REQUIREMENT —
Among the entries below, only the lines from the one with "this 1920×1279 image." through the one with "this 2048×1365 image." are wanted, reproduced exactly. Pictures are not wanted.

* * * * * * *

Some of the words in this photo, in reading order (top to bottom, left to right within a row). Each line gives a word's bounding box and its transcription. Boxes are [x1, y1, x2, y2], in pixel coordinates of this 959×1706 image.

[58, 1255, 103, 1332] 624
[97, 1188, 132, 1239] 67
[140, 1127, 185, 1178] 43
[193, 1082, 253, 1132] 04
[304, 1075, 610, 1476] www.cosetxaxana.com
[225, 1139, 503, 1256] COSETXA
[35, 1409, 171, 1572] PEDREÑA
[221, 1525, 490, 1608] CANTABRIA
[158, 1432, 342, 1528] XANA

* * * * * * *

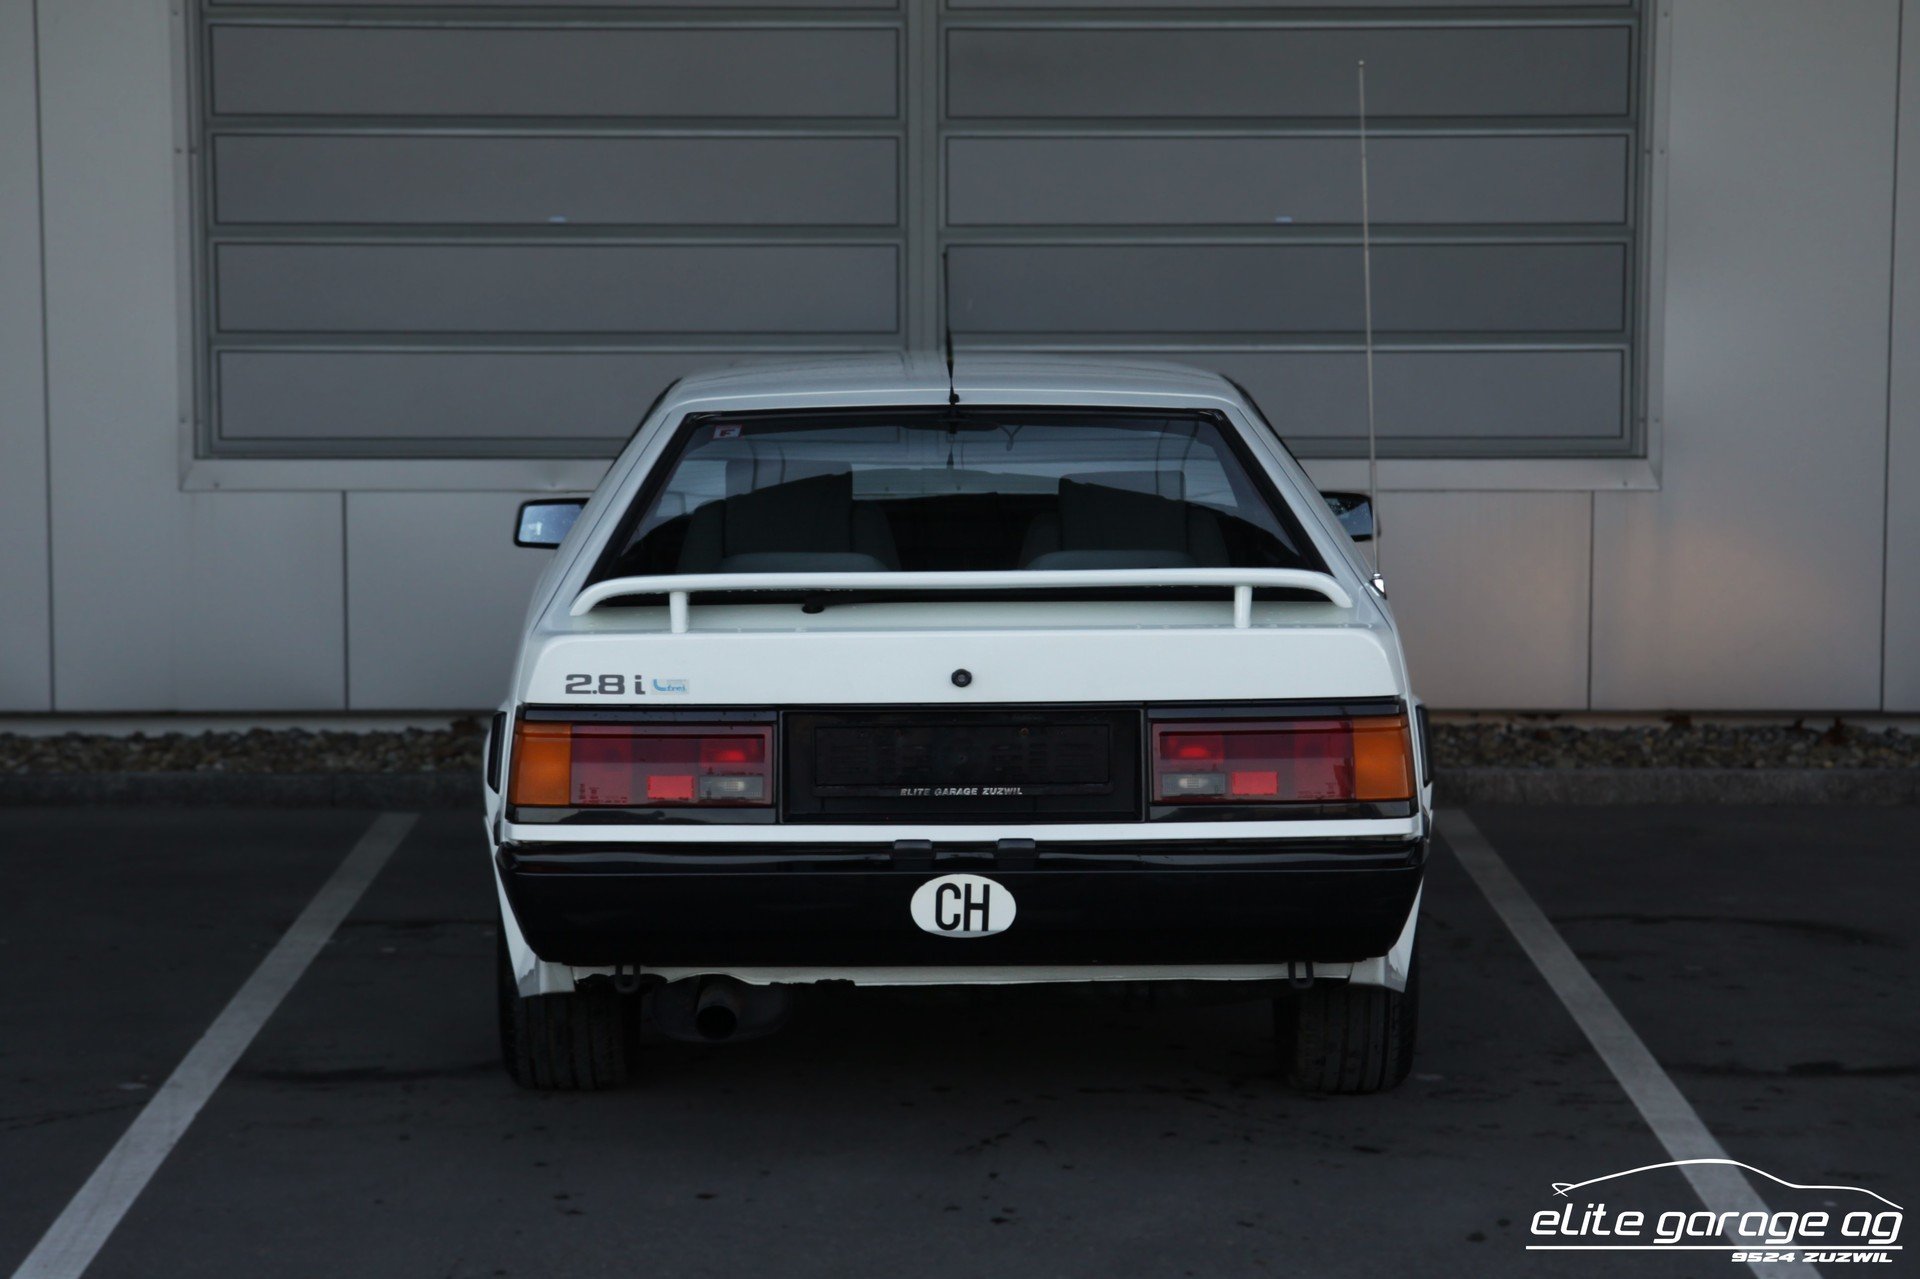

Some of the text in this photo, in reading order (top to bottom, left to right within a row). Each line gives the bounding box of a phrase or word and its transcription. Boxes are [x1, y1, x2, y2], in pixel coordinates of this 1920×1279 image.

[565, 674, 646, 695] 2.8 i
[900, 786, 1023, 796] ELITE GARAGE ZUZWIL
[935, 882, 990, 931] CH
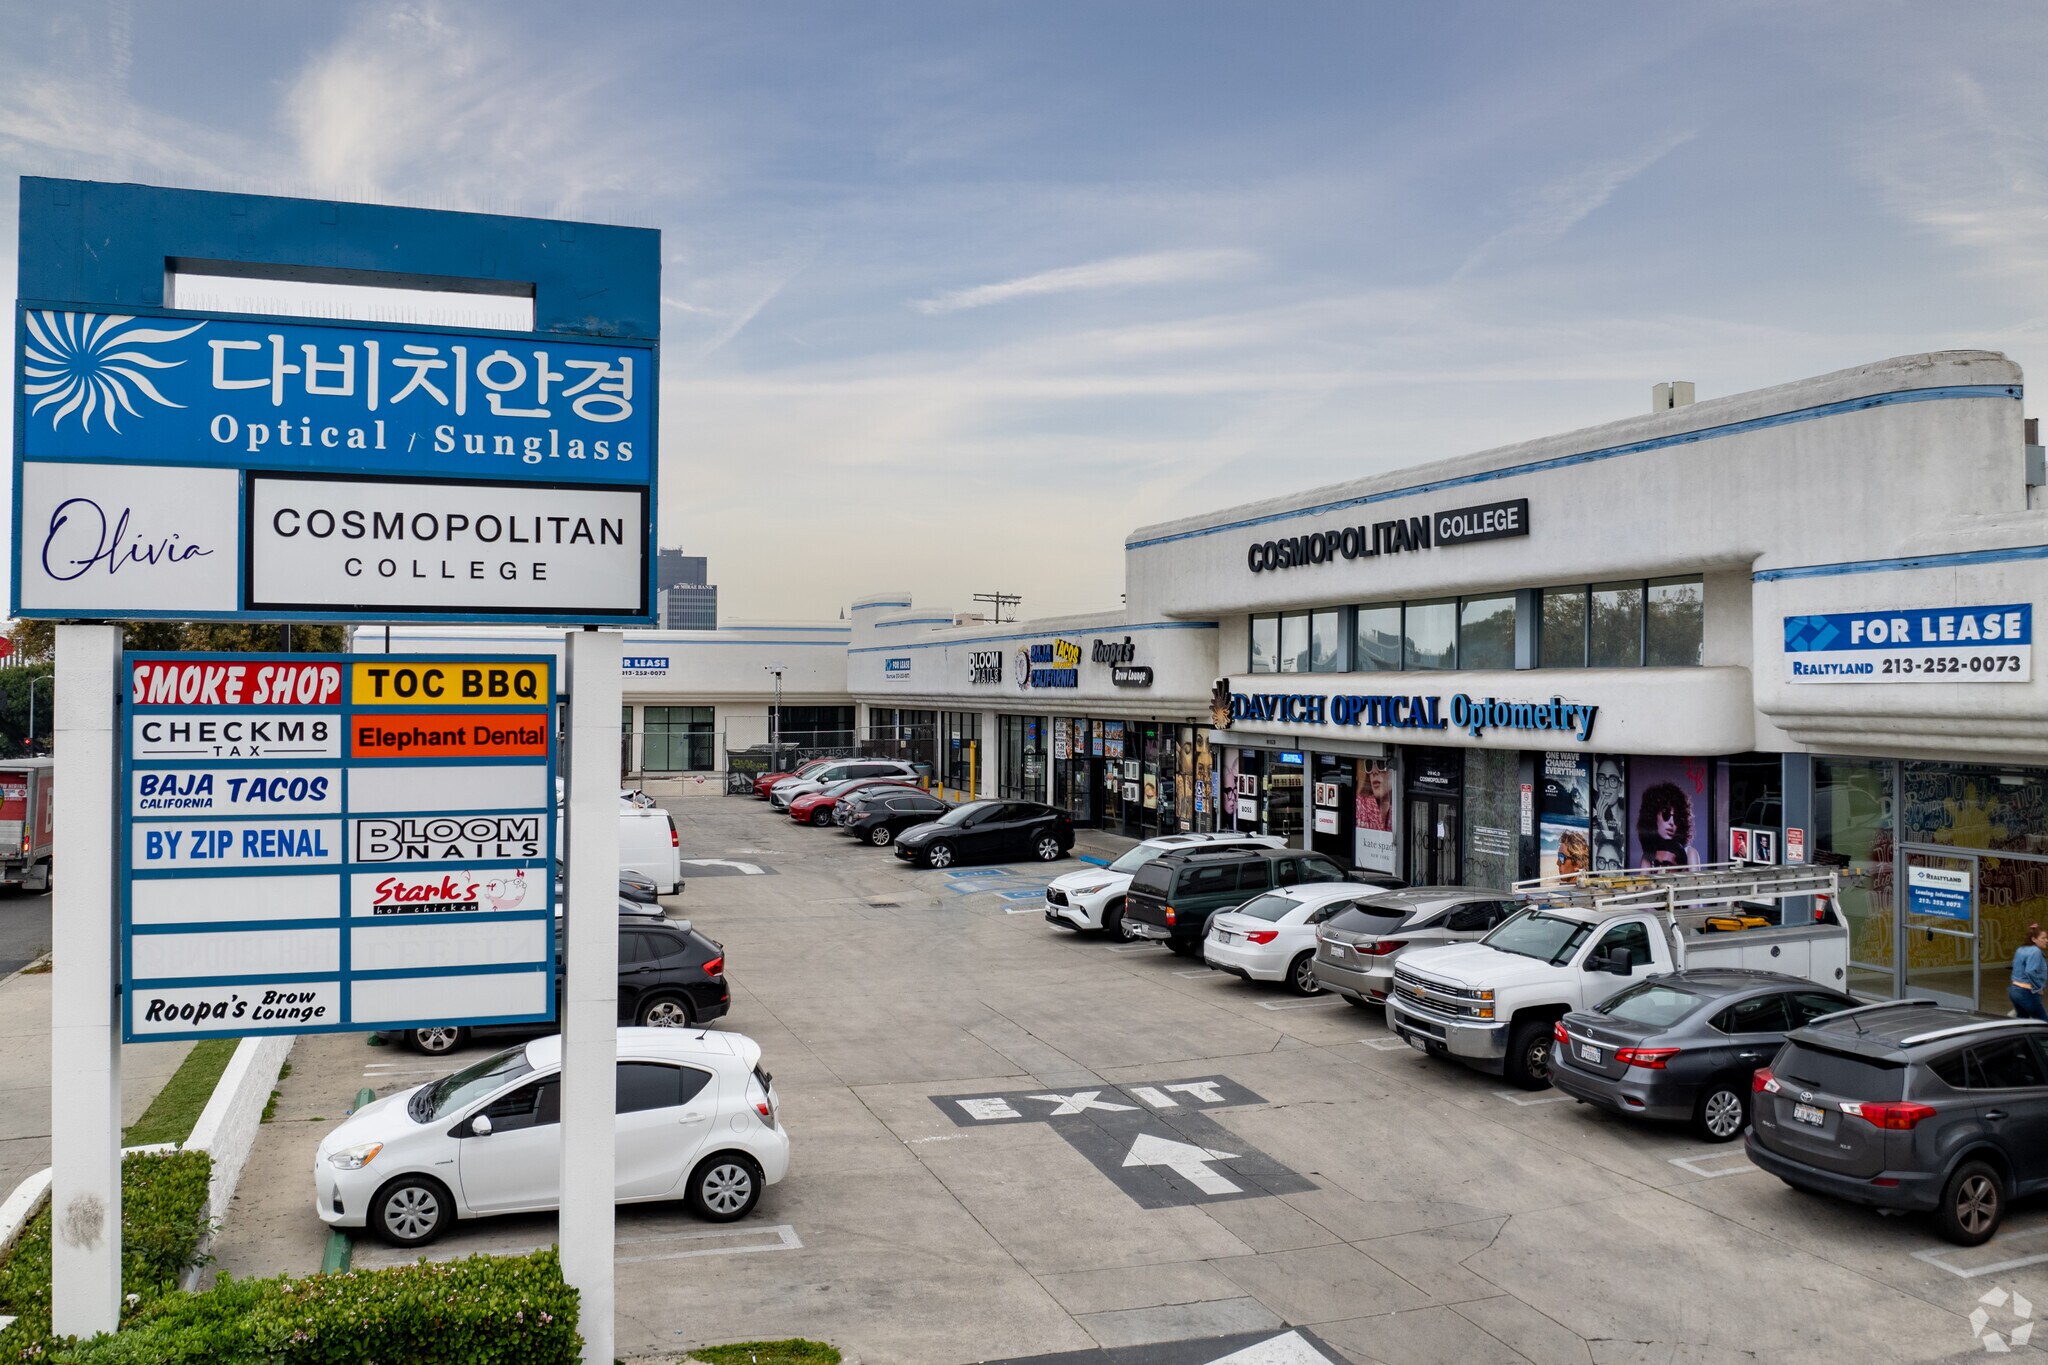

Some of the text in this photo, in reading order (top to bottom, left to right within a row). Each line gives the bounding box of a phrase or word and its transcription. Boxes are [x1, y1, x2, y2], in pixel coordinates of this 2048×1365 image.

* * * * * * *

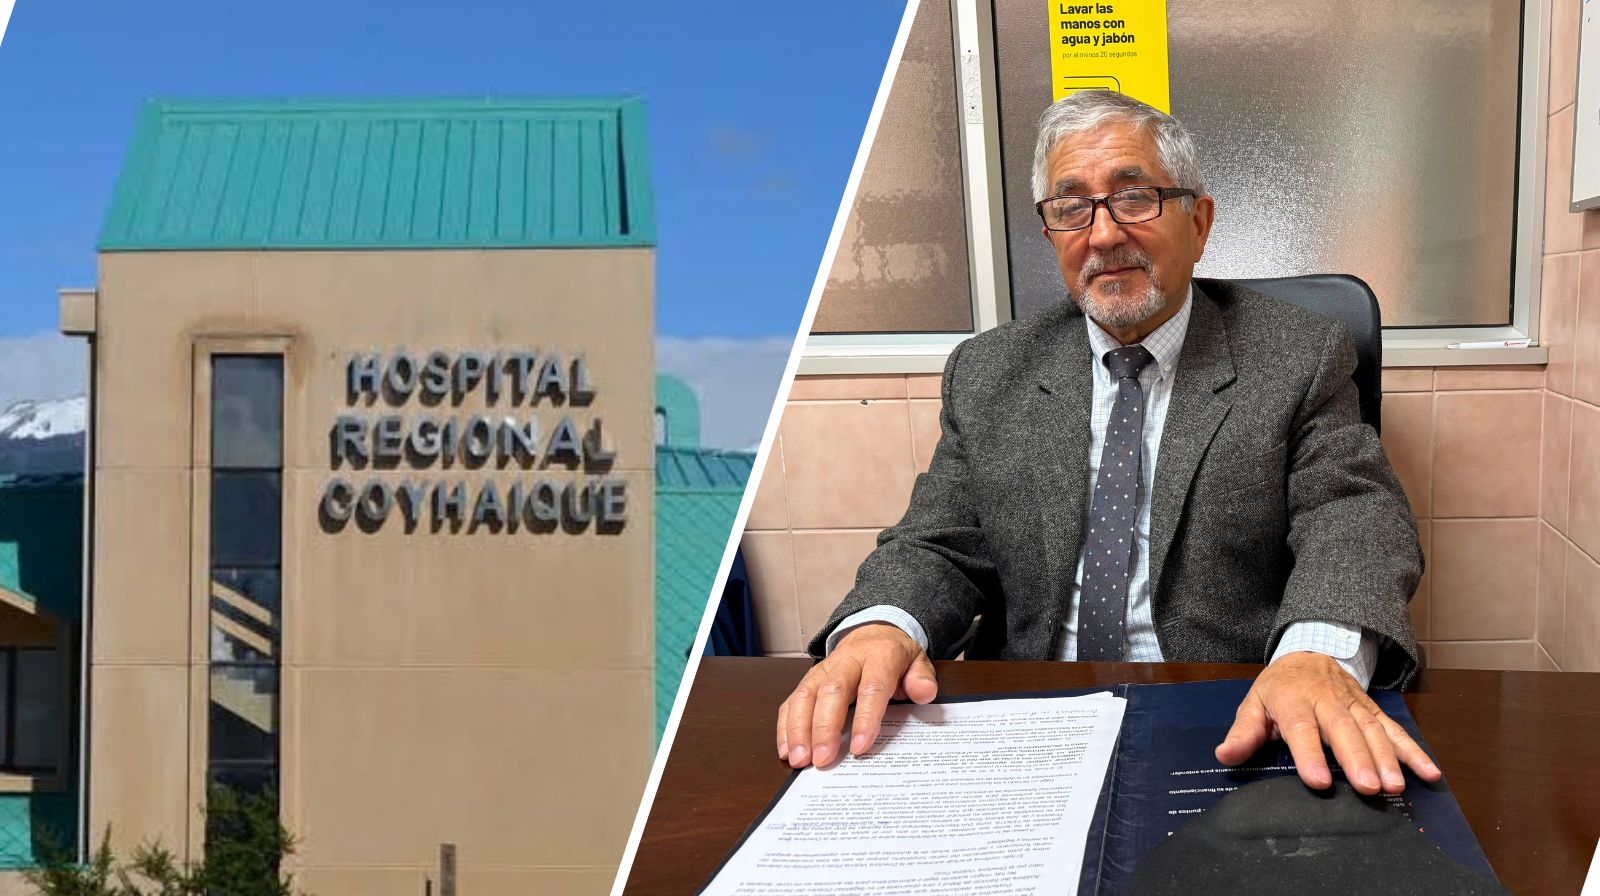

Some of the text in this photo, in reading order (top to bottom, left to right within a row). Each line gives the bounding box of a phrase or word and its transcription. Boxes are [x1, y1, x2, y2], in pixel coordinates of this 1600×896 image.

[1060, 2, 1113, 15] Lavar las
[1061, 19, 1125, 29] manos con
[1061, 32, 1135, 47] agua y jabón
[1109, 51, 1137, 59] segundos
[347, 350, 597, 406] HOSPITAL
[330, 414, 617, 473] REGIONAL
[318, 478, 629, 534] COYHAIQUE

* * * * * * *

RESPONSE BELOW —
Some of the text in this photo, in reading order (top to bottom, left to right within a row). Each line gives the bounding box of a phrase or word and its transcription. Boxes are [x1, y1, x2, y2], in pixel coordinates of this 1920×1279 image.

[565, 674, 646, 695] 2.8 i
[900, 786, 1023, 796] ELITE GARAGE ZUZWIL
[935, 882, 990, 931] CH

Some of the text in this photo, in reading order (top to bottom, left to right within a row). Each line gives the bounding box of a phrase or word and its transcription. Boxes are [x1, y1, x2, y2], in pixel coordinates of this 2048×1365 image.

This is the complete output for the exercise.